Blind soccer takes to the pitch

10 May 2010

blind soccerBlind side: Maximilian Huber of the SHAWCO team tries to stop Jongikhaya Guzana of the LoFoB team, while blindfolded Lisa Wallace (SHAWCO) and Stanley Rhodes (at back) try to keep track of the game.

With a morning of blind soccer (aka futsal) on Saturday 1 May, UCT Disability Services made a bid to champion disability sport once more, highlighting the role that it plays in the lives of people with disabilities at UCT.

For this occasion, Disability Services teamed up with Sport & Recreation, the Students' Representative Council and the League of Friends of the Blind (LoFoB), a Cape Town-based community organisation. In addition, the likes of the Students' Health and Welfare Centres Organisation (SHAWCO) and Graça Machel Hall fielded teams on the day.

"The aim was to create awareness around disability issues generally, but also to focus on bringing disability sports into the mainstream of the sporting environment, especially at a place like UCT that's so involved in sports," said Nafisa Mayat, disability advocacy co-ordinator at Disability Services. "And we wanted to create awareness that people with disabilities are involved in sport, and that they're out there playing these sports."

The event also allowed a few UCT students to get a sense of what it means to be blind, donning sleeping masks to level the playing fields, as it were.
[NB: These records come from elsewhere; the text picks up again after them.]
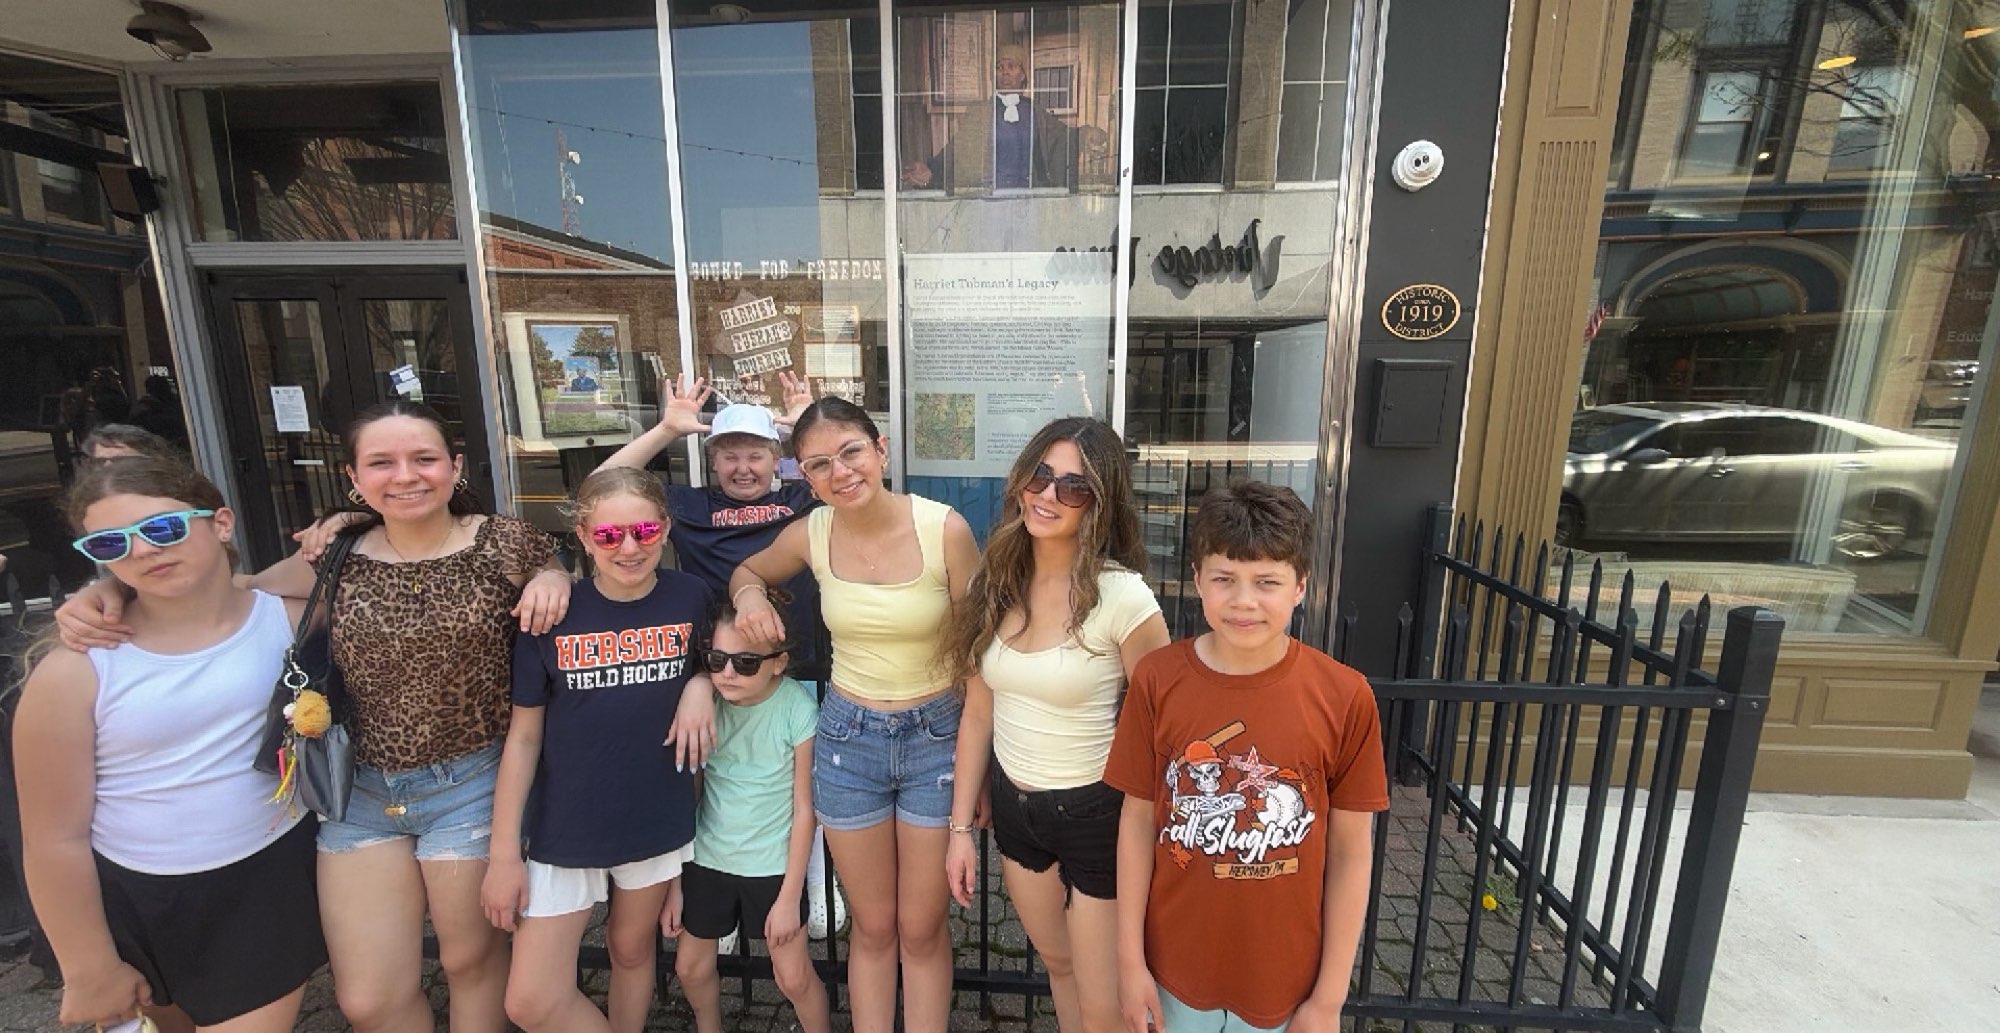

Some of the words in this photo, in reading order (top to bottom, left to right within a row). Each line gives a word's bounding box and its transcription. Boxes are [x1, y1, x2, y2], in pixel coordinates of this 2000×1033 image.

[691, 261, 743, 281] BOUND
[760, 259, 788, 280] FOR
[807, 259, 882, 280] FREEDOM
[914, 279, 955, 290] Harriet
[958, 277, 1013, 289] Tubman's
[1018, 278, 1059, 293] Legacy
[1395, 288, 1450, 305] HISTORIC
[721, 298, 777, 329] HARRIET
[1401, 304, 1443, 322] 1919
[732, 321, 791, 352] TUBMAN'S
[1395, 322, 1443, 337] DISTRICT
[735, 349, 792, 376] JOURNEY
[555, 622, 693, 670] HERSHEY
[566, 668, 619, 690] FIELD
[622, 659, 686, 686] HOCKEY
[1202, 810, 1316, 864] Slugfest
The game, normally played indoors, was even trickier on this occasion, as players struggled to hear the ball - fitted with a bell - on the soft Kopano turf.

"It was a strange experience, and I was quite lost at times," said SHAWCO player Maximilian Huber.

For the likes of Jongikhaya Guzana and Sirjel January of the LoFoB team - both competitive soccer players until they lost their sight - it was fun to be back on a pitch.

"I used to wonder how I was going to play football again, and this has given me the chance to do so," said Guzana.

"It's more fun to play now, because it's not so competitive," added January.